Biosynthesis of indole-3-acetic acid in tomato shoots: Measurement, mass-spectral identification and incorporation of (-2)H from (-2)H 2O into indole-3-acetic acid, D- and L-tryptophan, indole-3-pyruvate and tryptamine.

Indole-3-acetic acid (IAA) and its putative precursors, L- and D-tryptophan, indole-3-pyruvate, and tryptamine were isolated from tomato (Lycopersicon esculentum (L.) Mill.) shoots, identified by mass spectrometry, and measured using capillary gas chromatography with an electron capture detector and radioactive internal standards.

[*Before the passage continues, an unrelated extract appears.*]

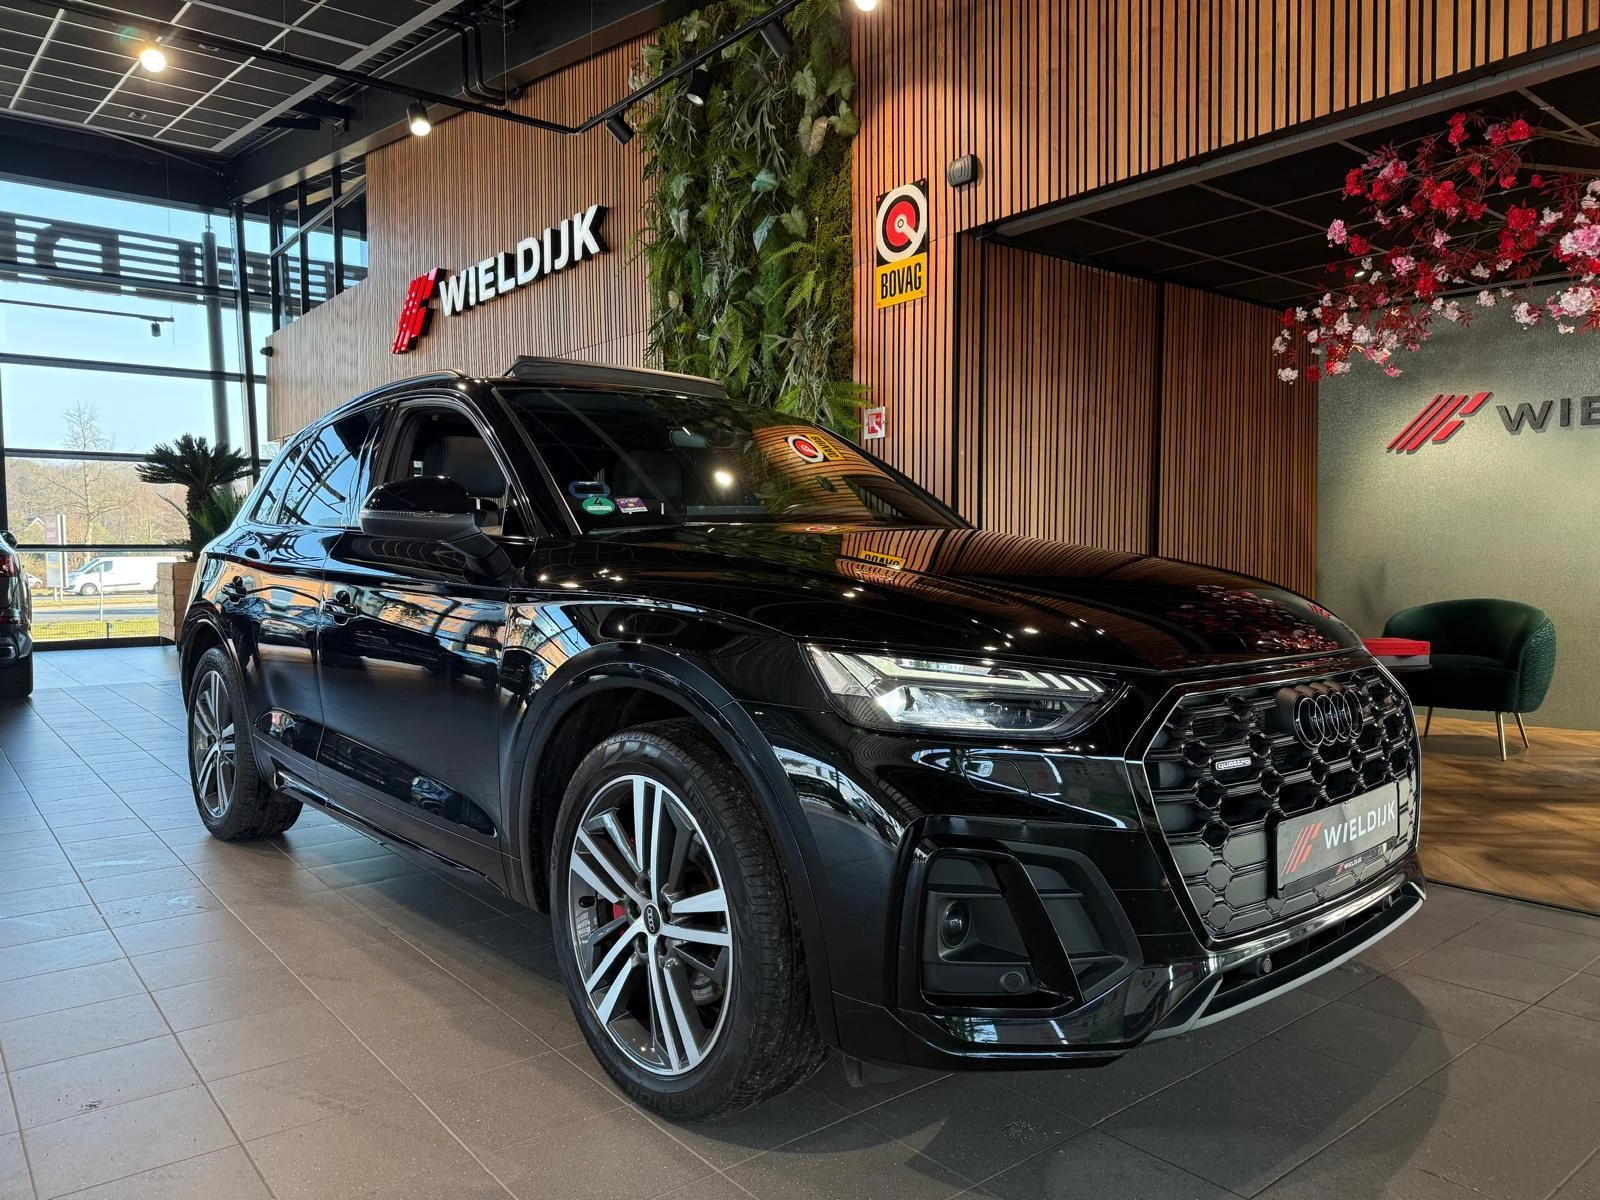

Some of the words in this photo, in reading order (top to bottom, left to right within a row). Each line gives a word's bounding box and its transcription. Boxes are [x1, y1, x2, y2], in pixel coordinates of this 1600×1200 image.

[438, 203, 602, 317] WIELDIJK
[880, 262, 922, 300] BOVAG
[1323, 799, 1396, 850] WIELDIJK

Average amounts present were 7.9ng · (g FW)(--1) IAA, 5.7ng · (g FW)(--1) indole-3-pyruvate, 132 ng · (g FW)(--1) tryptamine, 103 ng · (g FW)(--1) D-tryptophan, and 2250 ng · (g FW)(--1) L-tryptophan. Indole-3-acetaldoxime was not found; detection limits were less than 1ng · (g FW)(--1). When tomato shoots were incubated for 6, 10 and 21 h in 30% (-2)H2O, up to four positions in IAA, L- and D-tryptophan, tryptamine and indole-3-pyruvate became labelled with (-2)H. Compounds became labelled rapidly with 10% of IAA molecules containing (-2)H after 6 h. The percentage of labelled molecules of IAA and L-tryptophan increased up to 10 h but then decreased again, correlating with an increase in the total shoot tryptophan and presumably a result of protein hydrolysis in the excised, slowly senescing tissue. The amount of (-2)H in D-tryptophan also showed an increase followed by a decrease, but the proportion of labelled molecules was much less than in L-tryptophan and IAA. Tryptamine became labelled initially at a similar rate to IAA but continued to accumulate (-2)H up to 21 h. We conclude that tryptamine is synthesized from a different pool of tryptophan from that used in IAA synthesis, and is not a major endogenous precursor of IAA in tomato shoots. Indole-3-pyruvate was the most heavily labelled compound after 6 and 10 h incubation (21-h data not available). Furthermore, the proportion of (-2)H-labelled indole-3-pyruvate molecules was quantitatively consistent with the amount of label in IAA. On the other hand, a quantitative comparison of the IAA turnover rate and the rate of (-2)H incorporation into both L- and D-tryptophan indicates that IAA is not made from the total shoot pool of either L- or D-tryptophan. Instead IAA appears to be synthesized from a restricted pool which is turning over rapidly and which has access to both newly synthesized tryptophan and that from protein hydrolysis.